Jean had been right. This was more important, vastly more important, than the pursuit of a renegade half-breed... But that half-breed was himself at the head of the organization.

“That's what half an intelligence will do for a man!” said McTavish to himself, with contempt. “This fellow is just bright enough to be better than his class. He therefore immediately sets himself up as a leader to buck the Company. God help him!”

But the captain's thoughts almost immediately turned to his own case. What was that old Indian saying? He listened.

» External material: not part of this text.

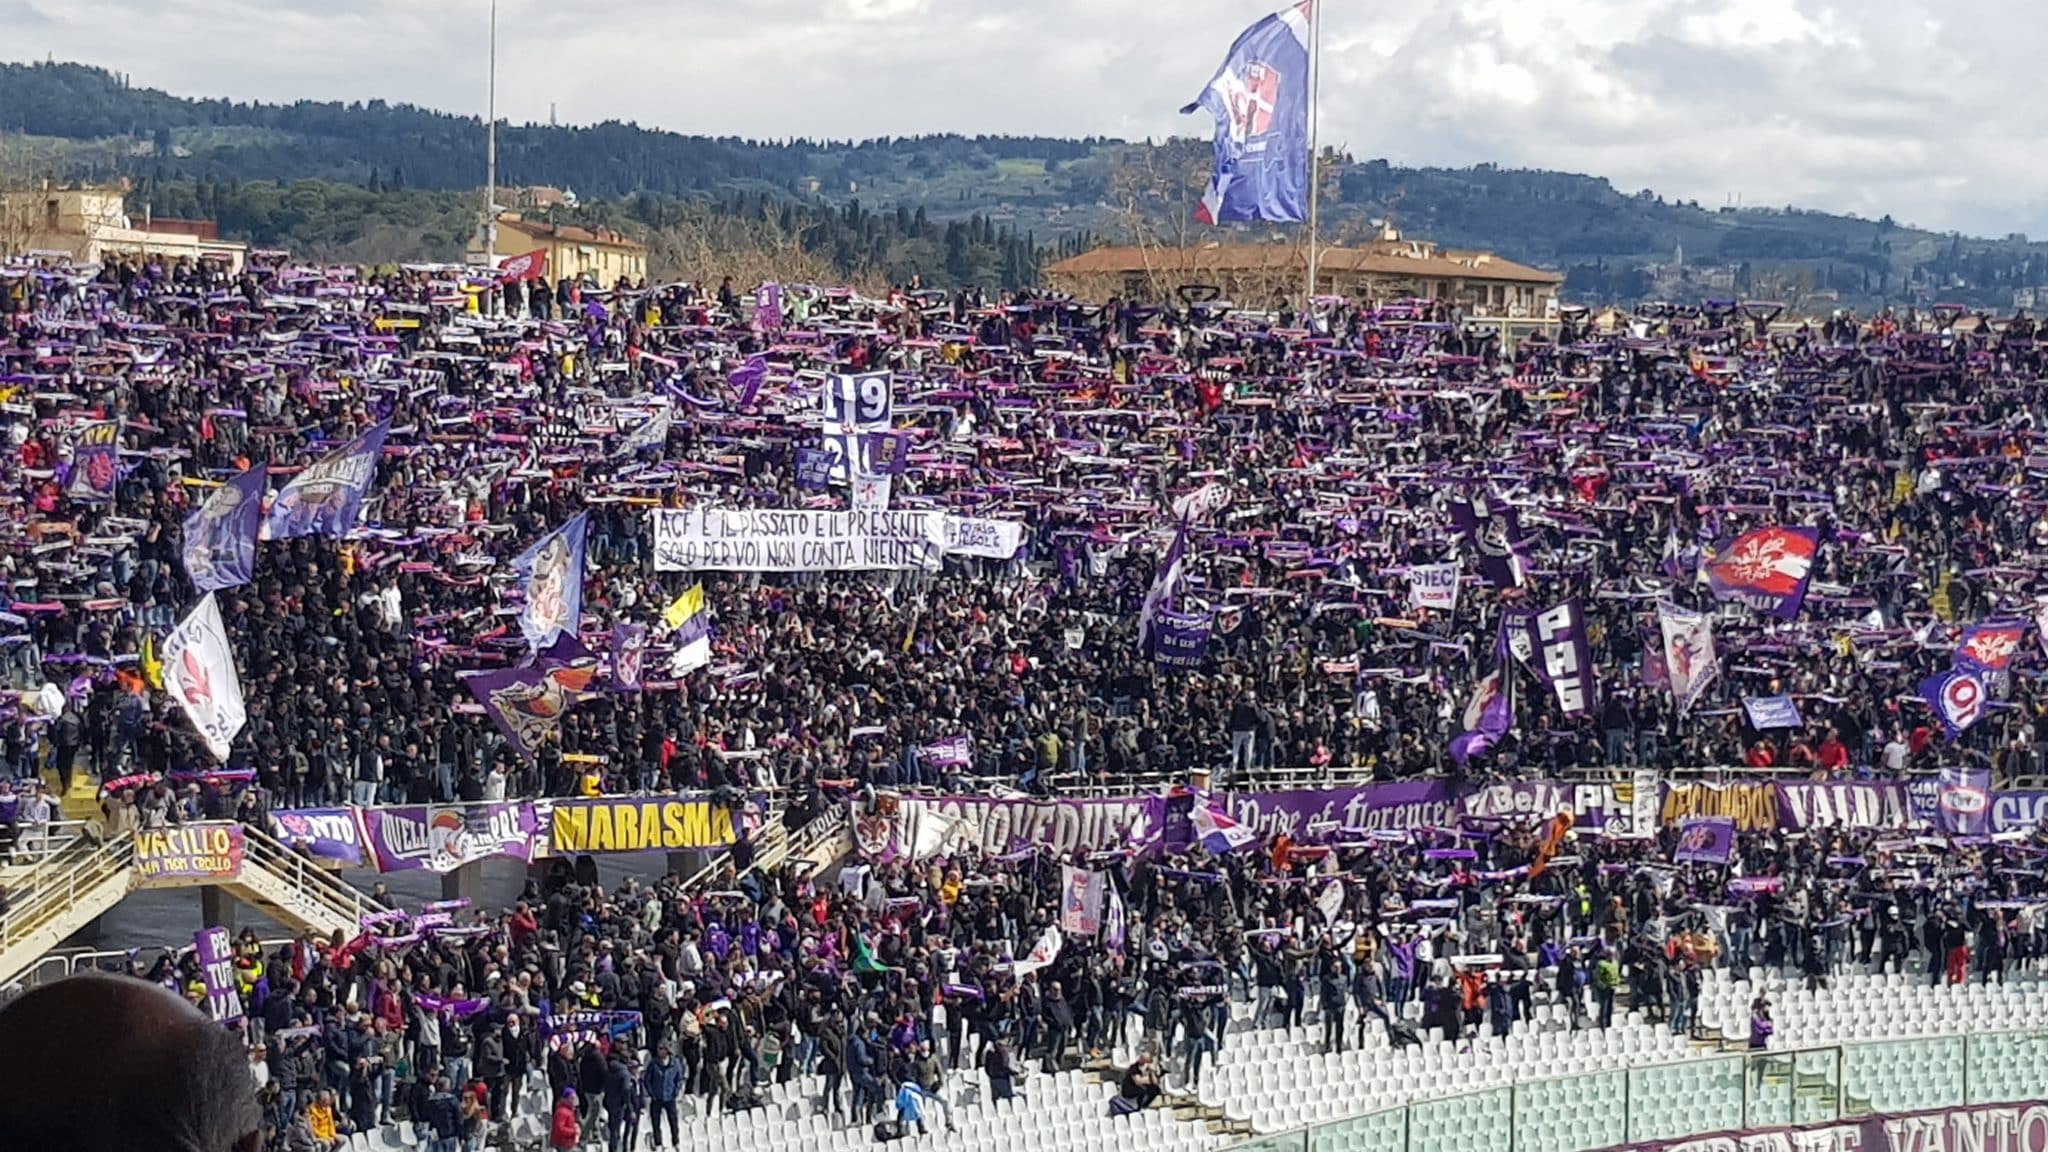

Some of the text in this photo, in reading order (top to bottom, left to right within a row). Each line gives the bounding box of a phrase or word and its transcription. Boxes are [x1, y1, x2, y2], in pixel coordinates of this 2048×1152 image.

“In the past history of the Company, when a rival appeared, there had been much killing. Murder, violence, Intrigue, conspiracy—all these have flourished when a rival took the field. We may look for them now, and he who strikes first forestalls the other. It is, of course, impossible for this Captain McTavish to reach Fort Dickey or Fort Severn again. Three sentences from him, and we are discovered, and the chase begun. We are not strong enough yet for open conflict. By spring, perhaps, but not now. McTavish must never tell. A strong arm, a well-directed blow—”

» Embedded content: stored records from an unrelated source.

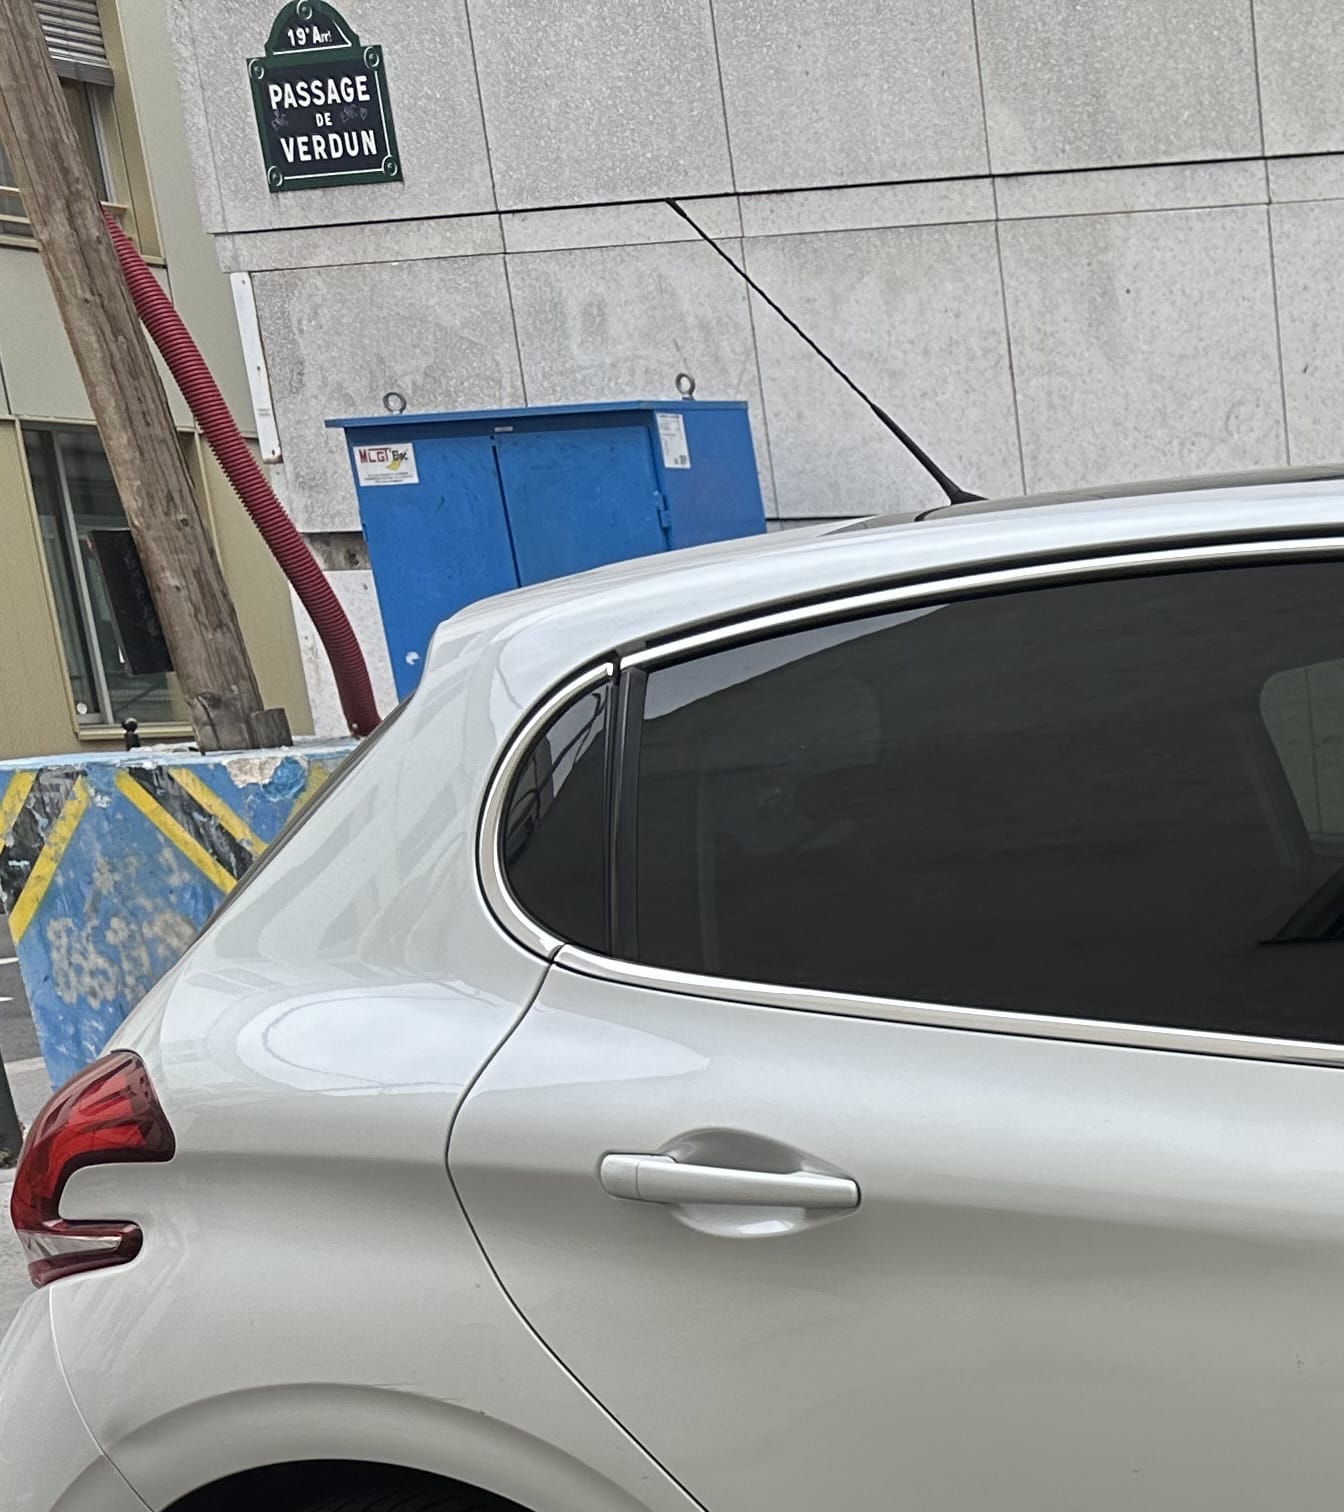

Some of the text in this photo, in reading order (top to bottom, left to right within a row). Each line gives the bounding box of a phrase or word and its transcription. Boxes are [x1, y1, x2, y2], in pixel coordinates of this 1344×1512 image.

[268, 75, 370, 110] PASSAGE
[315, 112, 333, 127] DE
[280, 129, 378, 163] VERDUN
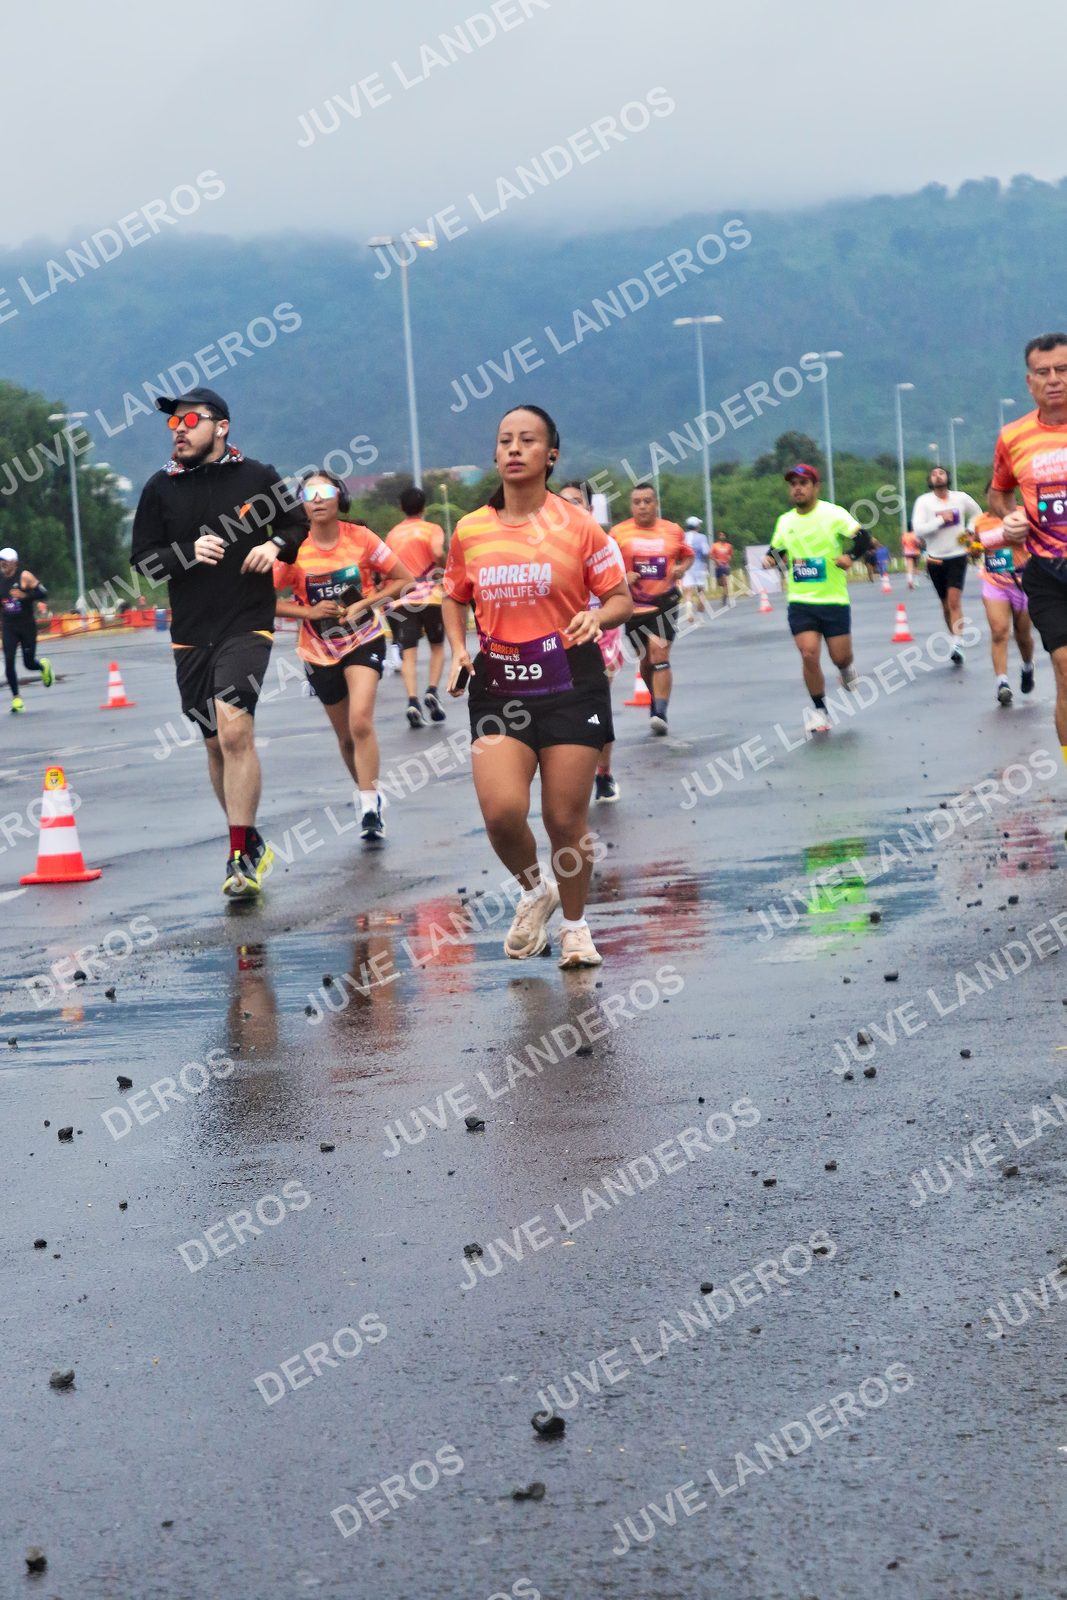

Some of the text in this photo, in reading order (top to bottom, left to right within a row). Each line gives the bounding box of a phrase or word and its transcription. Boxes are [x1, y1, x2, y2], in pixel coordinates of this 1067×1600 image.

[1052, 500, 1067, 515] 6
[480, 563, 552, 586] CARRERA
[481, 585, 535, 601] OMNILIFE
[504, 663, 543, 680] 529

“But, my good brother, you do not counsel murder in cold blood?” asked Seguis, in a tone of horror. “To kill our old friend, Captain McTavish, because he has happened to come upon us here—oh, no, no, no! It is impossible. But, yet,” he added, “he must not tell what he has seen.”

He turned to McTavish.

“Will you give an oath never to reveal what you have seen and heard here?”

“No,” Donald said bluntly. “I won't.”

“By refusal, you sign your own death-warrant,” warned the half-breed, not unkindly. “For the sake of all of us, give this oath.”

“Seguis,” replied Donald, just as quietly, “you know you ask the impossible. Let's not waste any more time over it. Decide what you are going to do with me—and do it!”